(Reuters) -KKR & Co’s Independence Energy LLC and Contango Oil & Gas Co will merge in an all-stock deal to create an oil and gas company with an enterprise value of about $5.7 billion, which will focus on consolidations.
The deal, announced by the two companies on Tuesday, is the latest in a string of mergers and acquisitions as a vaccination-led recovery in demand has boosted oil and gas prices.
Both Independence, built and managed by private equity KKR’s Energy Real Assets team, and Contango have producing assets across Rockies in Colarado, Permian in Texas and Mid-Continent basins.
Independence shareholders will own about 76% and Contango investors will own the rest of the combined company after the deal, which is expected to close in the third quarter or early fourth quarter.

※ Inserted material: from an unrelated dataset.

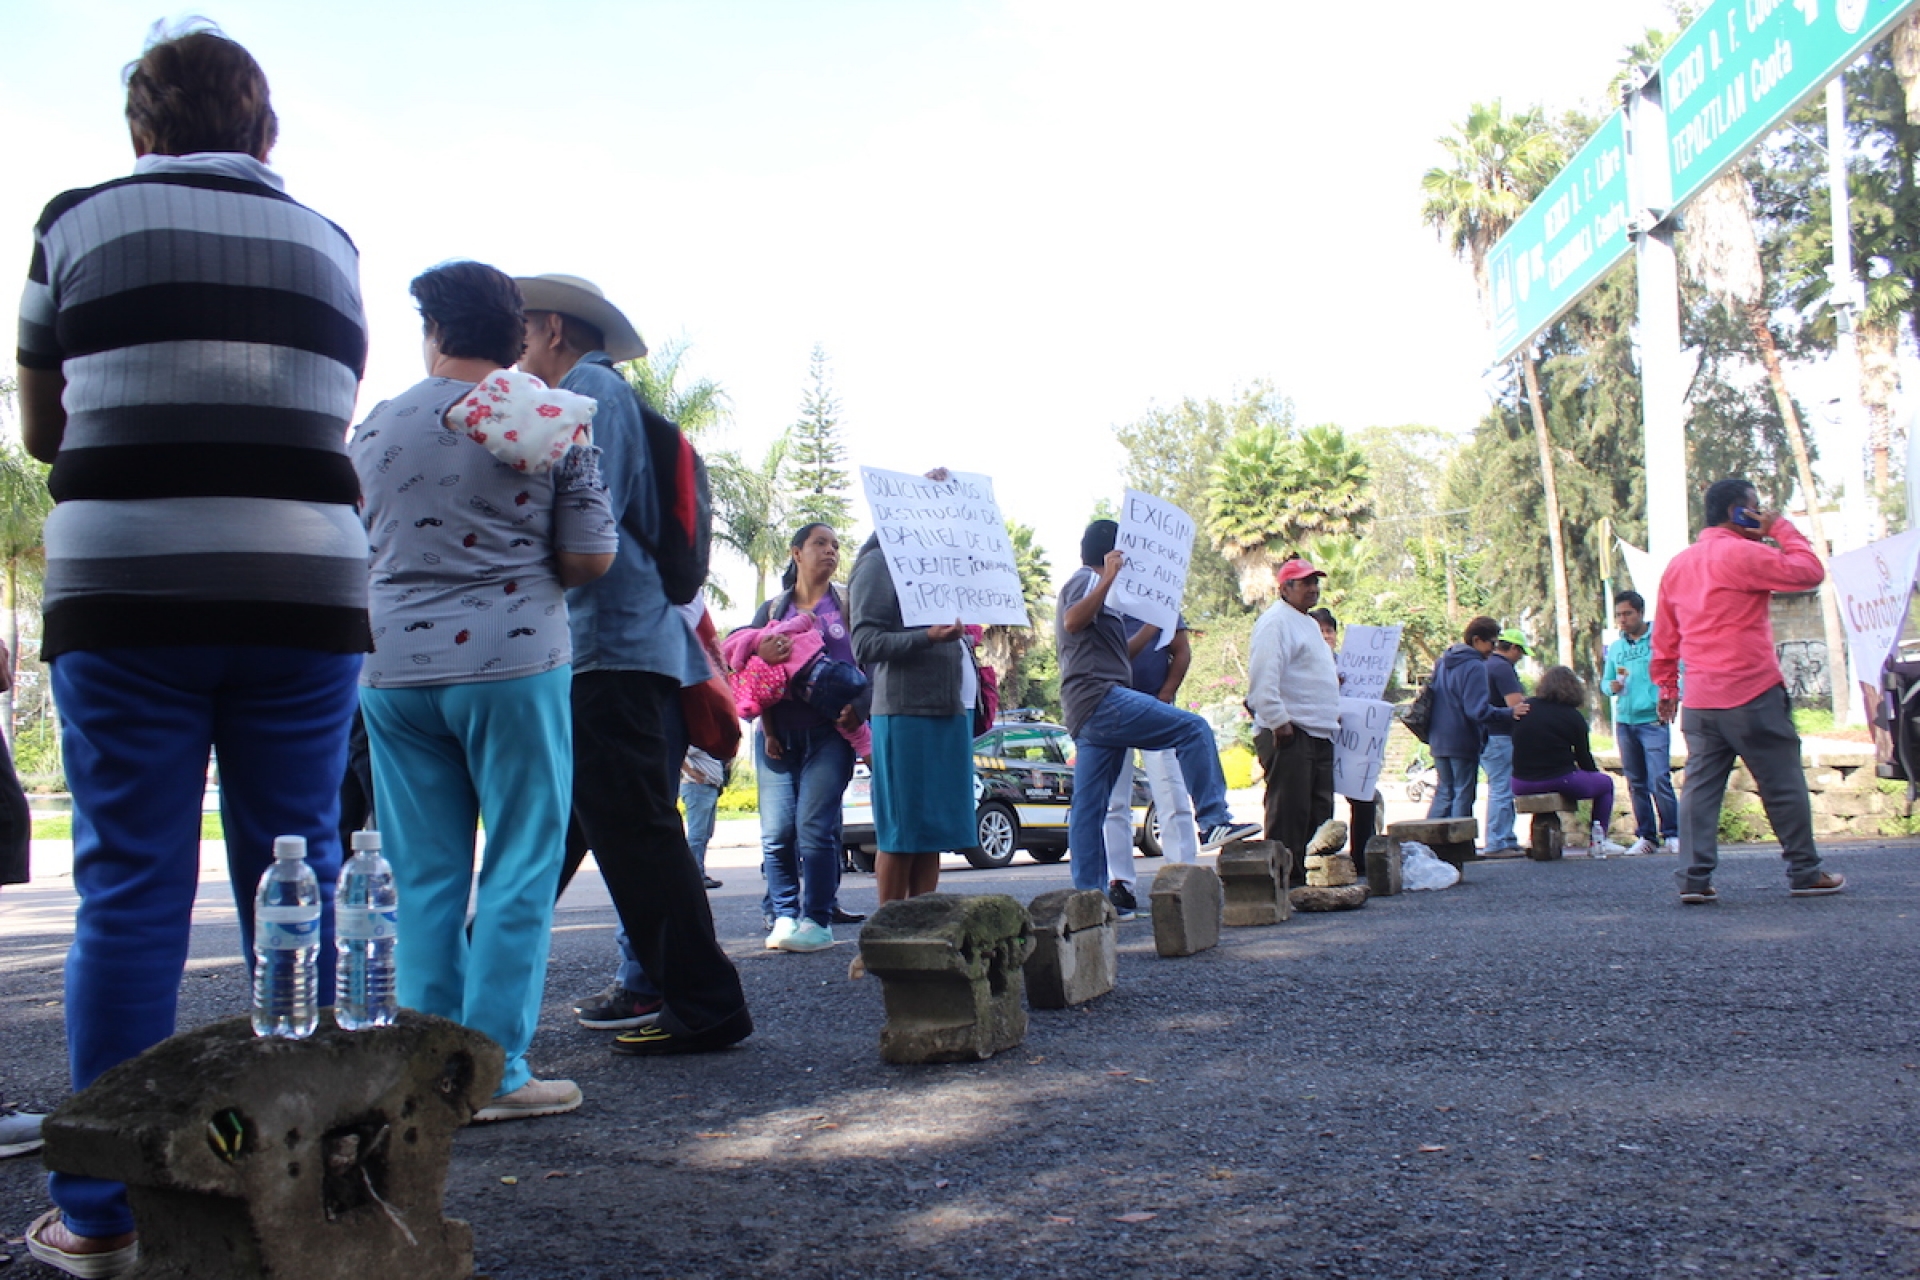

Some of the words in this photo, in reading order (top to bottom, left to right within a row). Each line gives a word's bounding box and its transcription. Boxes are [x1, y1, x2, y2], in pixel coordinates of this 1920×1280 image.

The new company is expected to produce 108,000 to 114,000 barrels of oil equivalent per day in 2022, with adjusted core earnings between $750 million and $800 million.
Based on Contango’s closing stock price of $5.62 on Monday, the combined company will have an initial equity market capitalization of about $4.8 billion.
The combined business will be managed by KKR’s Energy Real Assets team and David Rockecharlie, head of KKR Energy Real Assets, will serve as the chief executive.
Contango’s chairman and largest shareholder, John Goff, will be the chairman of the combined company, which will be headquartered in Houston.
It expects to operate under a new name and a new ticker symbol and plans to list on the New York Stock Exchange.
KKR will receive a special class of non-economic preferred stock that provides it with the authority to appoint all board members as well as some consent rights over actions such as debt incurrence, officer changes, mergers, acquisitions and divestitures.